The policies outlined in Holder’s speech will recalibrate the federal criminal justice system by correcting obstacles, inefficiencies and inequities and transforming law enforcement strategies so they alleviate, rather than exacerbate, harsh punishment.
by Stephen Wermiel, Professor of Practice, American University Washington College of Law
Attorney General Eric Holder touched off a new chapter in his Justice Department tenure yesterday by unveiling a set of far-reaching and important criminal justice reforms that supporters of the Obama administration have long awaited. Holder’s speech captured the attention and fired up the spirit of an otherwise somewhat lethargic American Bar Association annual meeting in San Francisco. Holder expressed what is likely the strongest, clearest vision yet from the Obama administration and one that his admirers have hoped would be part of his legacy: “Today, a vicious cycle of poverty, criminality, and incarceration traps too many Americans and weakens too many communities. And many aspects of our criminal justice system may actually exacerbate these problems, rather than alleviate them.”
Of important note is that a number of the things Holder discussed can and apparently will be done within the Executive Branch and do not require consideration or approval by a Congress incapacitated by partisan gridlock. Specifically, Holder has instructed federal prosecutors to change the way they bring drug charges against individuals who commit low-level offenses and who have no ties to gangs, drug cartels or organized crime. Federal law mandates the use of mandatory minimum prison sentences for some drug crimes, and changing the law would require Congress to act. Holder noted that there is bipartisan support in the Senate to reform mandatory minimums for drug offenses. But Holder can act on his own and now has done so to urge federal prosecutors to exercise discretion by charging different crimes that do not trigger mandatory minimums and that, as Holder said, will better reflect the severity of the misconduct without draconian excessive criminal sentences. This is an important recognition of the major shortcomings of the decades-old war on drugs that has consumed billions of dollars in law enforcement budgets and tens of thousands of lives ruined by prison terms that were out of proportion to the crime or the nature of the individual. Holder also said U.S. attorneys will be urged to make greater use of drug diversion programs as alternatives to incarceration.

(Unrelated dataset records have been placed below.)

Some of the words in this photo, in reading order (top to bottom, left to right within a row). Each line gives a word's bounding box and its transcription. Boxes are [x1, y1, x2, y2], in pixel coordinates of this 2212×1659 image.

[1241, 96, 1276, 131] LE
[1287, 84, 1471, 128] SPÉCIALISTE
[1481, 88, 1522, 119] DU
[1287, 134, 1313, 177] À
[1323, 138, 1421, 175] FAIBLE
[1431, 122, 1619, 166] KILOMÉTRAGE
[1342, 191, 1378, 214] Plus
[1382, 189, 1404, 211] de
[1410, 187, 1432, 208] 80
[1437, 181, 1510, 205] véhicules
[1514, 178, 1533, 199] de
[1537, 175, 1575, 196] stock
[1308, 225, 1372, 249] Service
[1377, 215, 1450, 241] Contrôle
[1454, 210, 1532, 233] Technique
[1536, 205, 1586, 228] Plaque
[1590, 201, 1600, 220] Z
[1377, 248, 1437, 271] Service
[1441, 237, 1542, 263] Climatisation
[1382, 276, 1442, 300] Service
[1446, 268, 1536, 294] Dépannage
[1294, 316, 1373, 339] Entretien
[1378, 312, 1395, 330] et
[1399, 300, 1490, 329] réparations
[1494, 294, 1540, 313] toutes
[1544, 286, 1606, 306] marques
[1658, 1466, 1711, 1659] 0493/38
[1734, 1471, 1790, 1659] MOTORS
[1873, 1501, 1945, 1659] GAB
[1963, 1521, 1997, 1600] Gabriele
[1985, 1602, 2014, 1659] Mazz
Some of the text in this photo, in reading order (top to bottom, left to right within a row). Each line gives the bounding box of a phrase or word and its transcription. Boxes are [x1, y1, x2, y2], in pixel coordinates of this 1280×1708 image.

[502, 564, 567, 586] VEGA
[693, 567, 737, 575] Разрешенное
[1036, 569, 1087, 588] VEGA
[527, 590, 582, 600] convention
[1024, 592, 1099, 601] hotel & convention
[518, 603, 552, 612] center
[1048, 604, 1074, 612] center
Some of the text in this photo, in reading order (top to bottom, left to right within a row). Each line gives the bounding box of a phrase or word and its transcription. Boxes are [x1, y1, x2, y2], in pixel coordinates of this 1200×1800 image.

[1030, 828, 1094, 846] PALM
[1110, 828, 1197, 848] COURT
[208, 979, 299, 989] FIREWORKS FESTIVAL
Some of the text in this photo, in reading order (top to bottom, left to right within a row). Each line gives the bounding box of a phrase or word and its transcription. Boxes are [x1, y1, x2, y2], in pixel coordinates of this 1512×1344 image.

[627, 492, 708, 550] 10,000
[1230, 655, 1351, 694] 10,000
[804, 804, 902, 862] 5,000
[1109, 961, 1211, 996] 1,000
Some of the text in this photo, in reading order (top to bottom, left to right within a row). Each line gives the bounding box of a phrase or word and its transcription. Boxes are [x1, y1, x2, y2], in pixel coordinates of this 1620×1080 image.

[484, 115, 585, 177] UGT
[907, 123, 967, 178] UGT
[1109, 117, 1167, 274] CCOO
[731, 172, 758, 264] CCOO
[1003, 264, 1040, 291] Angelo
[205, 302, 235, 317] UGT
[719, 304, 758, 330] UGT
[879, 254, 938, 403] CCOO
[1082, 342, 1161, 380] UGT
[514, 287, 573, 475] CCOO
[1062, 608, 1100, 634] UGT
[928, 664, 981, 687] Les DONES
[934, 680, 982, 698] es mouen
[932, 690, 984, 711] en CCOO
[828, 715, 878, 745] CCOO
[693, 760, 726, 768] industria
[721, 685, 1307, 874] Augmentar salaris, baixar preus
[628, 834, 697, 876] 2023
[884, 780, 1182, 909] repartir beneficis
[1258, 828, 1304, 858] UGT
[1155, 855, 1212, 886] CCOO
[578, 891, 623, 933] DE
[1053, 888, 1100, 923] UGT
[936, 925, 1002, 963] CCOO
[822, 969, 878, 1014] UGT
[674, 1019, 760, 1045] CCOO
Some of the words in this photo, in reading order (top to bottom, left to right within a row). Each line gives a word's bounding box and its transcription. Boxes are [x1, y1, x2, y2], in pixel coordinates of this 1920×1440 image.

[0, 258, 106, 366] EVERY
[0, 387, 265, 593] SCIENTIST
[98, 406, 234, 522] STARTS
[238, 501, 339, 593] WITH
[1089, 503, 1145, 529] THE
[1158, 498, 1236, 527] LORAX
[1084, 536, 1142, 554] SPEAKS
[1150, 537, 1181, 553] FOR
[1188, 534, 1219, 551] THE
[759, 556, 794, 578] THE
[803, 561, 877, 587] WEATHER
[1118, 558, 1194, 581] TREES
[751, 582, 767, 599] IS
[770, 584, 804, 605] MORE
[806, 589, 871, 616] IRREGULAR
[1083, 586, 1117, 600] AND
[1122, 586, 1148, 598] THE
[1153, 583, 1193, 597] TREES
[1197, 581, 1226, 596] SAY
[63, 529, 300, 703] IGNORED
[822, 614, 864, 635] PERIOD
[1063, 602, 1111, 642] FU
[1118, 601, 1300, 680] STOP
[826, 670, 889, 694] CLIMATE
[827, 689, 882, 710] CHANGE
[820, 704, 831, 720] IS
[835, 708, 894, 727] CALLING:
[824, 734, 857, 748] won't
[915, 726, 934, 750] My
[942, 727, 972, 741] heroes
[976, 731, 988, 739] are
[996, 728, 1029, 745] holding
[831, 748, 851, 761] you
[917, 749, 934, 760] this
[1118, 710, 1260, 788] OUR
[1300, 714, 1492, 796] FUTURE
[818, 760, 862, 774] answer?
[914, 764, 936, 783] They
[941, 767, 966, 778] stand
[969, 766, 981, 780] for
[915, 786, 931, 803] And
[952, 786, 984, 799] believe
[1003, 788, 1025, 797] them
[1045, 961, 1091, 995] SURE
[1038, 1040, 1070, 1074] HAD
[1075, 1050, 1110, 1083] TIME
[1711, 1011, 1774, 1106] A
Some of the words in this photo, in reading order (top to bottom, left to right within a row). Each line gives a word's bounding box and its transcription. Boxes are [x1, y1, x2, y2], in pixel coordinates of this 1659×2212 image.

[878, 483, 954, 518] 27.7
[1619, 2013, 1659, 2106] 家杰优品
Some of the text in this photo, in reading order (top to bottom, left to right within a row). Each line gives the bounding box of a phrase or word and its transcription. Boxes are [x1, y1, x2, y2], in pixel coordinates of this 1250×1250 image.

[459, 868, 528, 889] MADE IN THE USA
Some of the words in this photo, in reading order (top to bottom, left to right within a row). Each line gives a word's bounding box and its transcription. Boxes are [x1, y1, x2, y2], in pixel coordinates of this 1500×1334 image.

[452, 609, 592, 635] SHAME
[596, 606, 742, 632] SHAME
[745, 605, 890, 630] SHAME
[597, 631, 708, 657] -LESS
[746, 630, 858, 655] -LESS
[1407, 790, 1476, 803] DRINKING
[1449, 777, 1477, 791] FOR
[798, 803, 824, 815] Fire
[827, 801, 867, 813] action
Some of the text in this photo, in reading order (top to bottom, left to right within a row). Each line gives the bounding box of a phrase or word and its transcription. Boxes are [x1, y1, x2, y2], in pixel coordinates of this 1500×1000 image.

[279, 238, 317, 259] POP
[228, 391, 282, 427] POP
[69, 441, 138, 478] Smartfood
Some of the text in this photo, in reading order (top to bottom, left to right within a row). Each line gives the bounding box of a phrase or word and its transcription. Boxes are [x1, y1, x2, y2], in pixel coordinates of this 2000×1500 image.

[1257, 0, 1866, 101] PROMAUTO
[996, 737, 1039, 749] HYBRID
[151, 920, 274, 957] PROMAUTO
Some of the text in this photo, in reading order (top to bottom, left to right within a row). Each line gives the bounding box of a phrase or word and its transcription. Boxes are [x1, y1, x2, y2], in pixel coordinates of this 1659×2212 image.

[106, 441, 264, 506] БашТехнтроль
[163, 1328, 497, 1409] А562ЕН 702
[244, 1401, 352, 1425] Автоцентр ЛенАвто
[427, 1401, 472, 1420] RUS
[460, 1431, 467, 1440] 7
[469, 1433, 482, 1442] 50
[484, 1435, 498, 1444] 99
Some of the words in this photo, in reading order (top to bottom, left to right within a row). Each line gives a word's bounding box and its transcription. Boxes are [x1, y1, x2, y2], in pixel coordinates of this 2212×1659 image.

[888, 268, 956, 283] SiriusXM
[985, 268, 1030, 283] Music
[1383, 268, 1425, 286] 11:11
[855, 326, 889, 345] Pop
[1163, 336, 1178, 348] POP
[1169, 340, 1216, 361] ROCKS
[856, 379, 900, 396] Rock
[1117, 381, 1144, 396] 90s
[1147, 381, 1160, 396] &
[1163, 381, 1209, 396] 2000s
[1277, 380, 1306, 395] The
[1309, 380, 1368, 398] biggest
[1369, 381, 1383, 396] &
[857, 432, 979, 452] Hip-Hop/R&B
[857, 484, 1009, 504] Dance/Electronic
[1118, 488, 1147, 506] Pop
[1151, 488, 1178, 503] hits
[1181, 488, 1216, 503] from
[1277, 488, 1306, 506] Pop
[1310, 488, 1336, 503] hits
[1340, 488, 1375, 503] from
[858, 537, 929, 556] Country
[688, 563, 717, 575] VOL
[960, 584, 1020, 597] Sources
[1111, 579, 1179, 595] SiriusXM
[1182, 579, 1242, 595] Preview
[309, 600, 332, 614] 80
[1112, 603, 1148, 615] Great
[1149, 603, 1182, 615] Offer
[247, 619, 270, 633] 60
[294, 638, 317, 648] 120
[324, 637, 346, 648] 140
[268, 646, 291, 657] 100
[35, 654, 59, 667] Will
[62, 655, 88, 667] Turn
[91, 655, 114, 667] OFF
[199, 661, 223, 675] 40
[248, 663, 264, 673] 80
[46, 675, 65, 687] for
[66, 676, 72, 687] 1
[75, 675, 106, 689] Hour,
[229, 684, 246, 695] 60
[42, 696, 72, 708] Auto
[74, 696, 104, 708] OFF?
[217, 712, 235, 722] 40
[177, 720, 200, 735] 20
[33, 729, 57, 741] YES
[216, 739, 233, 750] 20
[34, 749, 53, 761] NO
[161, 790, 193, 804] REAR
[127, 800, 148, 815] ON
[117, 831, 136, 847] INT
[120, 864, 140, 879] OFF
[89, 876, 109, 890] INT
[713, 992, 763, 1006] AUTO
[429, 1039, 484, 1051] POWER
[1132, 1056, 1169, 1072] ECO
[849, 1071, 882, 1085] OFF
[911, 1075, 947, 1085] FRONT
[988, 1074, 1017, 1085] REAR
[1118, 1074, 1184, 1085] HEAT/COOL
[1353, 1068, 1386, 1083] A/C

Another very important recognition by Holder followed on the heels of President Obama’s remarks on the Trayvon Martin case last month. Holder told the ABA “that young black and Latino men are disproportionately likely to become involved in our criminal justice system – as victims as well as perpetrators.” He added, “We also must confront the reality that – once they’re in that system – people of color often face harsher punishments than their peers.” The racial injustice of the criminal justice system is a subject that needs urgent attention from Holder and other leaders.